◆ REQUIREMENT
Every entry needs to be written out again exactly, with its pictures removed.

Free-text object descriptions:
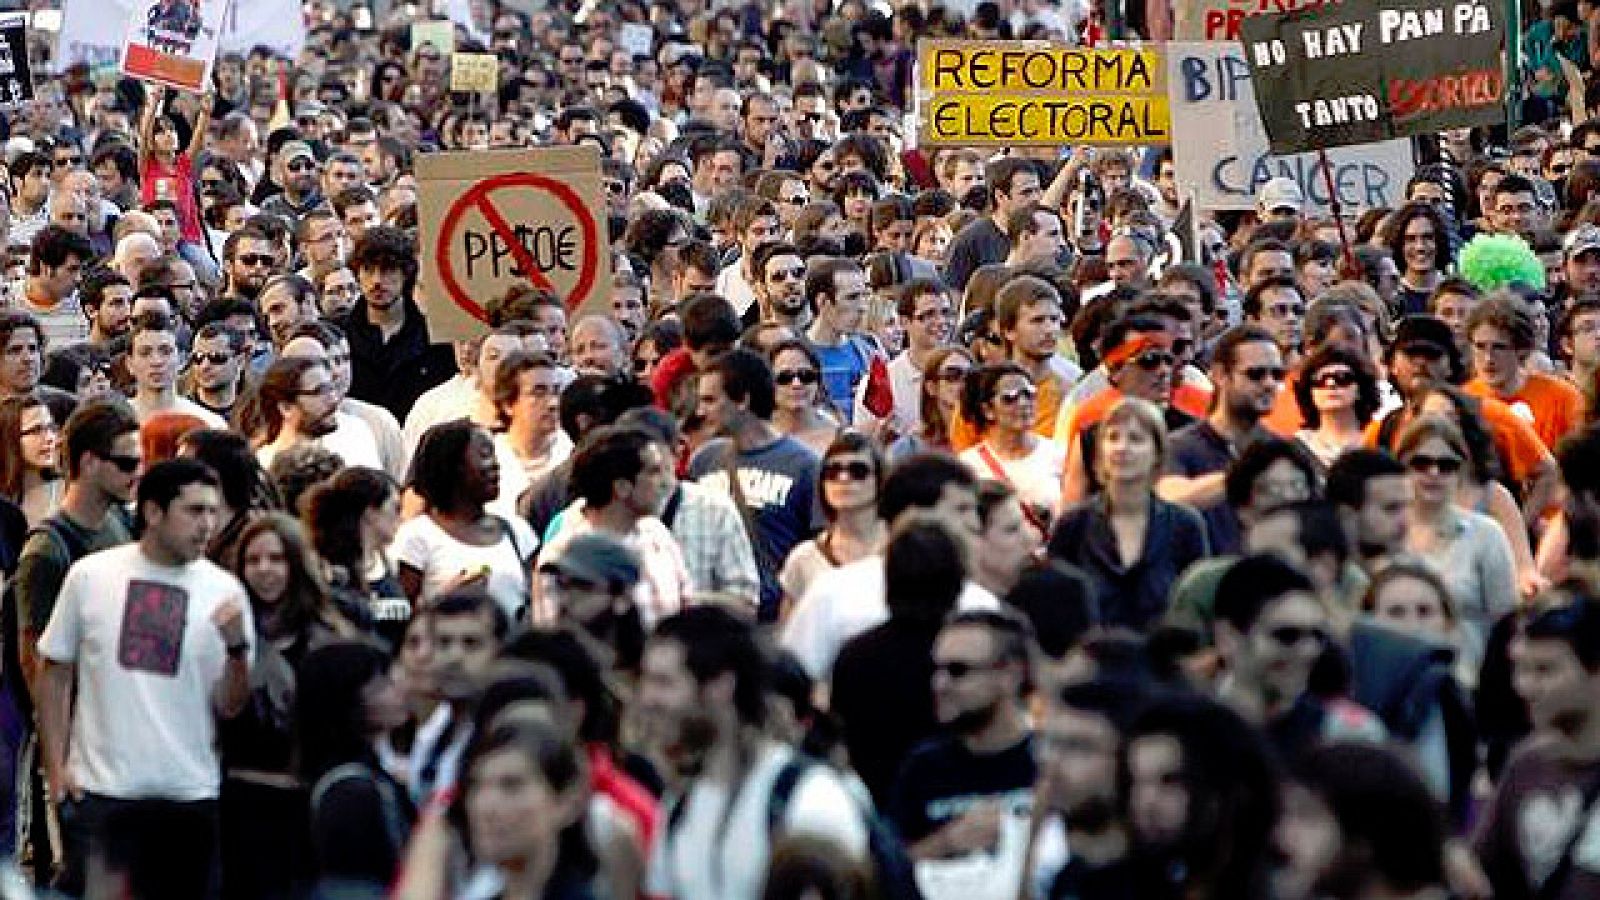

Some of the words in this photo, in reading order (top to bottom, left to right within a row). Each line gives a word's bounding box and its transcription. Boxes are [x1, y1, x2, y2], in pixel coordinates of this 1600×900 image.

[1253, 40, 1286, 66] NO
[1302, 22, 1362, 58] HAY
[1379, 8, 1445, 43] PAN
[934, 49, 1150, 88] REFORMA
[934, 101, 1166, 138] ELECTORAL
[1295, 94, 1379, 128] TANTO
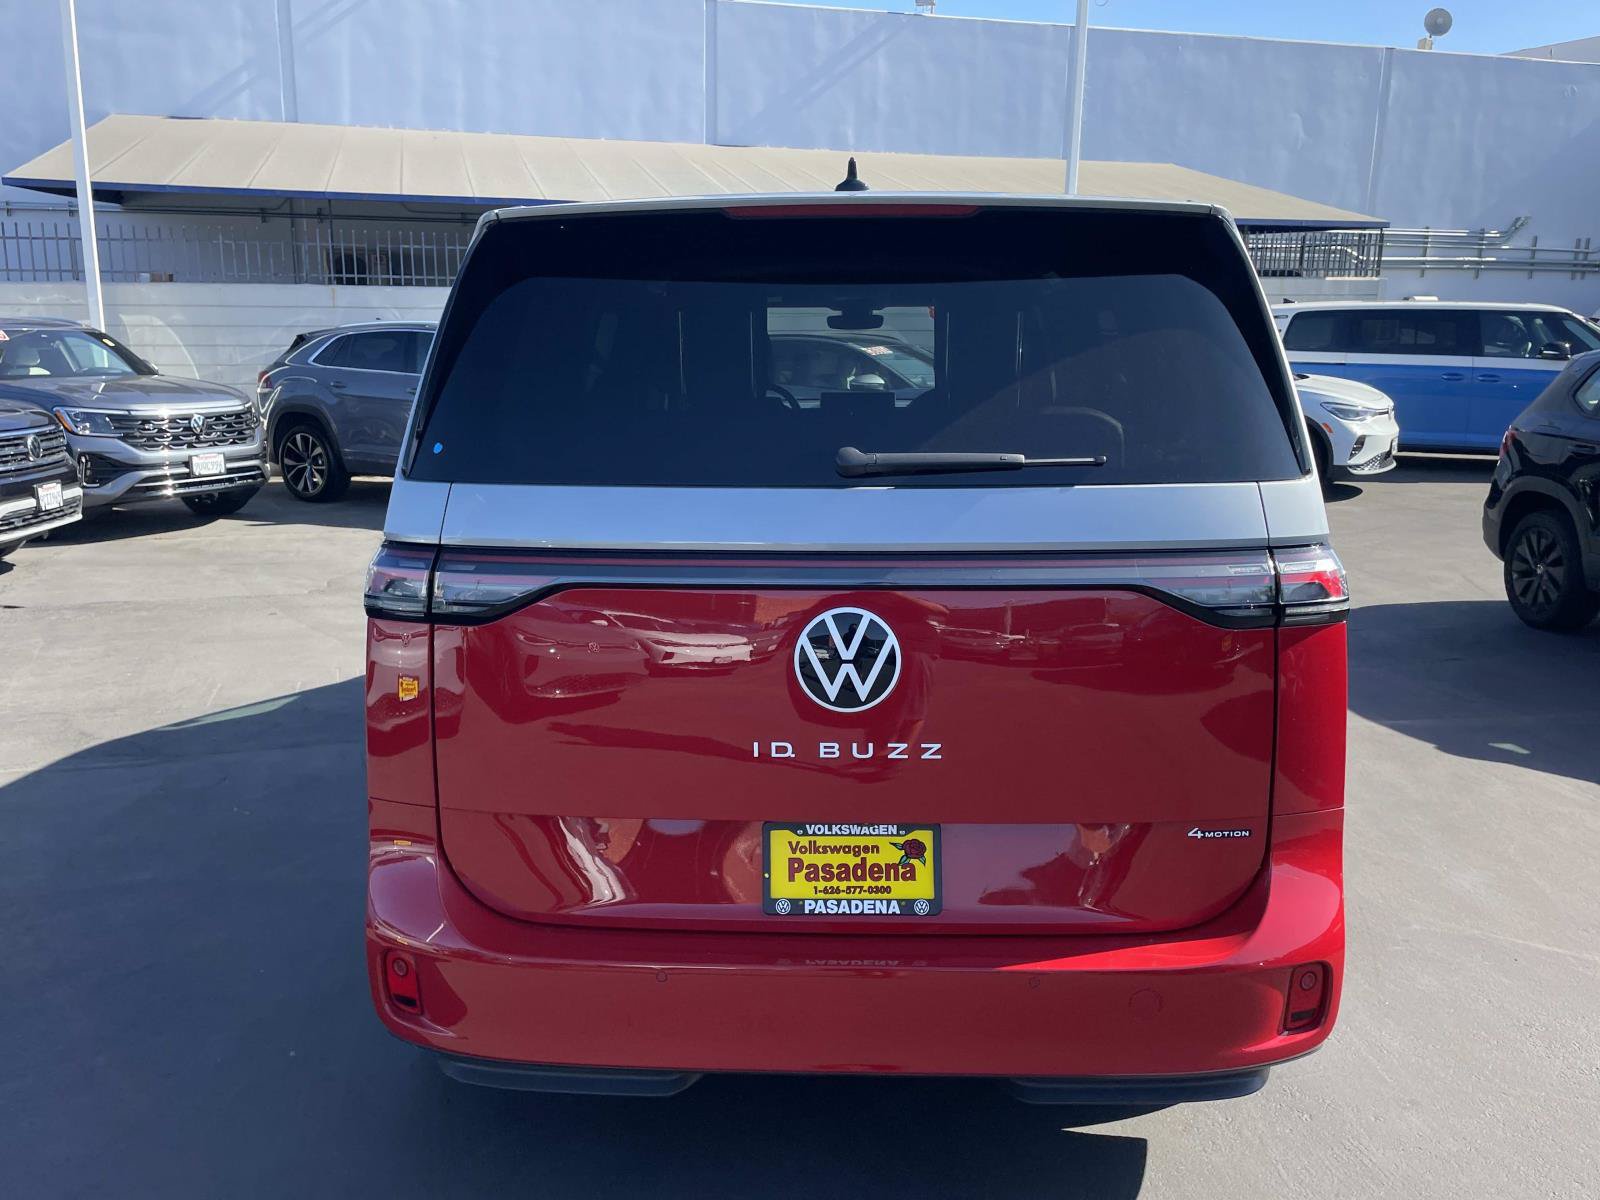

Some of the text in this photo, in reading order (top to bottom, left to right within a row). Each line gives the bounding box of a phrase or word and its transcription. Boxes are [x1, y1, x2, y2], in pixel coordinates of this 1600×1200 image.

◆ OUTPUT
Some of the words in this photo, in reading order (top to bottom, left to right within a row). Each line gives a word's bounding box and its transcription. Boxes are [x1, y1, x2, y2], in pixel coordinates of this 1600×900 image.

[1253, 40, 1286, 66] NO
[1302, 22, 1362, 58] HAY
[1379, 8, 1445, 43] PAN
[934, 49, 1150, 88] REFORMA
[934, 101, 1166, 138] ELECTORAL
[1295, 94, 1379, 128] TANTO

Some of the text in this photo, in reading order (top to bottom, left to right within a row). Each line gives the bounding box of a phrase or word and its transcription. Boxes are [x1, y1, x2, y2], in pixel coordinates of this 1600×1200 image.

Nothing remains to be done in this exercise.